Chuck Hawthorne Shows His American Roots

At Hill Country on June 5th

At Donn's Depot Autin, TX. Photo by Winker Withaneye

What if the soul of Townes Van Zandt found expression in the songwriting genius of Guy Clark? What if that expression was delivered, replete with a life’s worth of hard-won wisdom, through a voice as rich as James McMurtry? Well, good news, folks, that amalgam has a name and that name is Chuck Hawthorne.

After a day of torrential downpours and heavy traffic slogs, good fortune, in the lyrical words of Townes, “shines with the lights of love” through the damp and humid dusk, illuminating a welcoming DC living room where the night’s Lucky Penny House Concert will take place.

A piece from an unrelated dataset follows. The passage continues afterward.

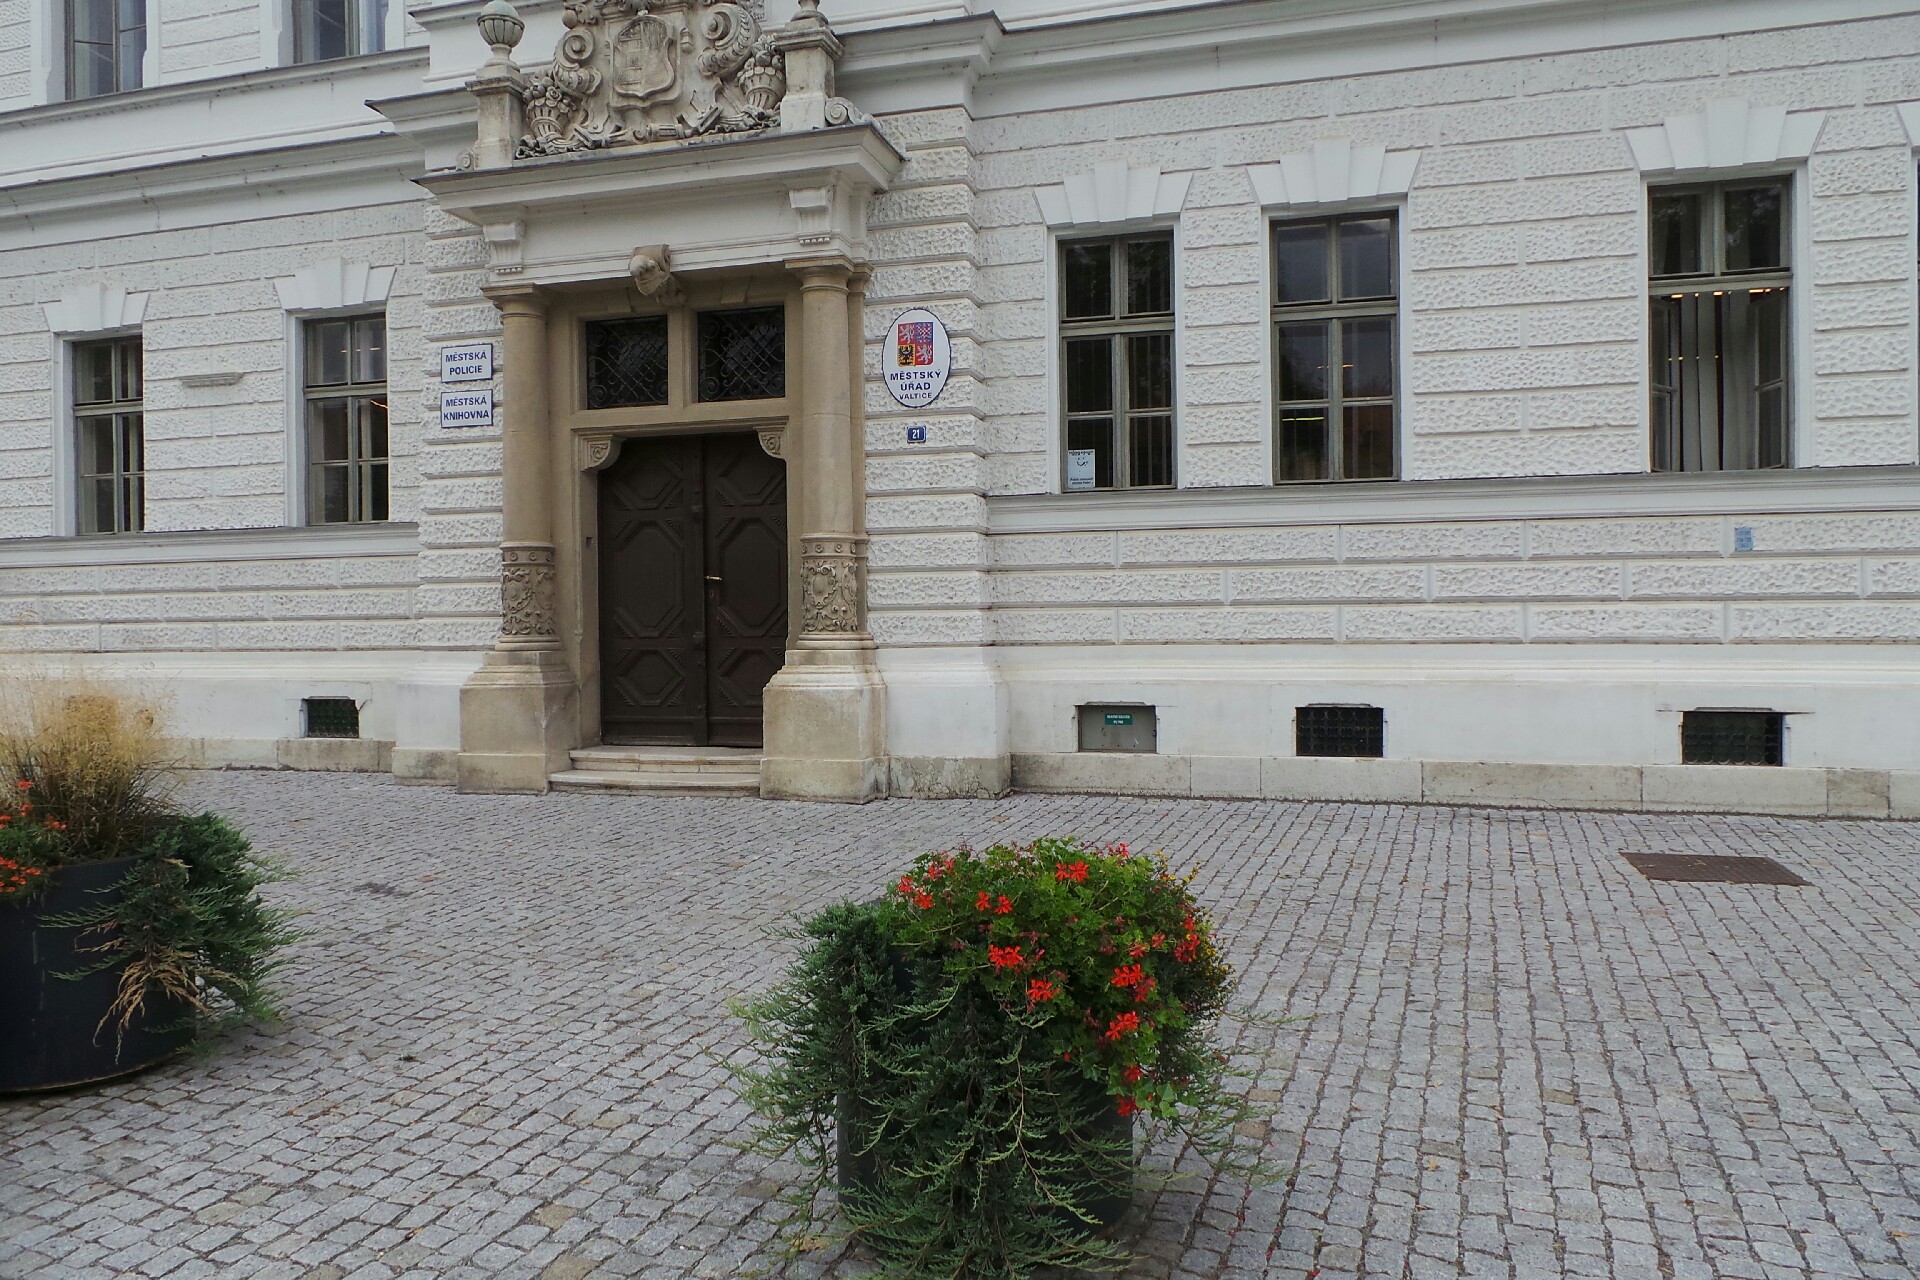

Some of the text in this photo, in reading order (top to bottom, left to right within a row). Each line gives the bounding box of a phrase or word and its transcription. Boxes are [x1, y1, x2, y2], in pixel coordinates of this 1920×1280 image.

Since 2017, Paul Eckert, well known for his love of music and his generous community spirit, has been opening his home for American roots music concerts. My first performance at Eckert’s abode is a concert by Chuck Hawthorne

“I like songs where you can actually taste the whiskey,” Hawthorne tells fellow concertgoers, by way of an introduction. A few heads nod in understanding. Nothing thus far, not the familial feeling developing among the gathered guests nor the farmer’s market fresh Caprese salad on the buffet, has prepared the audience that a humanity so unaffected, so unfiltered, so genuine and raw could be channeled through the unassuming, Texas born, decorated combat marine in its midst.

Close as a handshake, this true Texas troubadour shares stories that make up the life of a man. Not a curated life that adorns, but a real life, filled with people, places and a rugged understanding:

I’ve packed my things and thanked my stars
With feet for boots and homeless scars.
Beggar woman staying up to pray,
The same man ain’t coming home

Born in Amarillo Texas, currently residing in Austin, Hawthorne has been refined by the trajectory of his own narrative. Twenty-one years serving our country, with two deployments in Iraq, gives his narrative a perennial subtext. Songwriter and soldier, but first and foremost a human being, Hawthorne helps other war veterans discover the restorative and healing power of songwriting. Hawthorne works with Soldiers Songs and Voices, founded by fellow Texas songwriter Dustin Welch to create long-lasting change through songwriting and music in the lives of active duty and prior service veterans and their families.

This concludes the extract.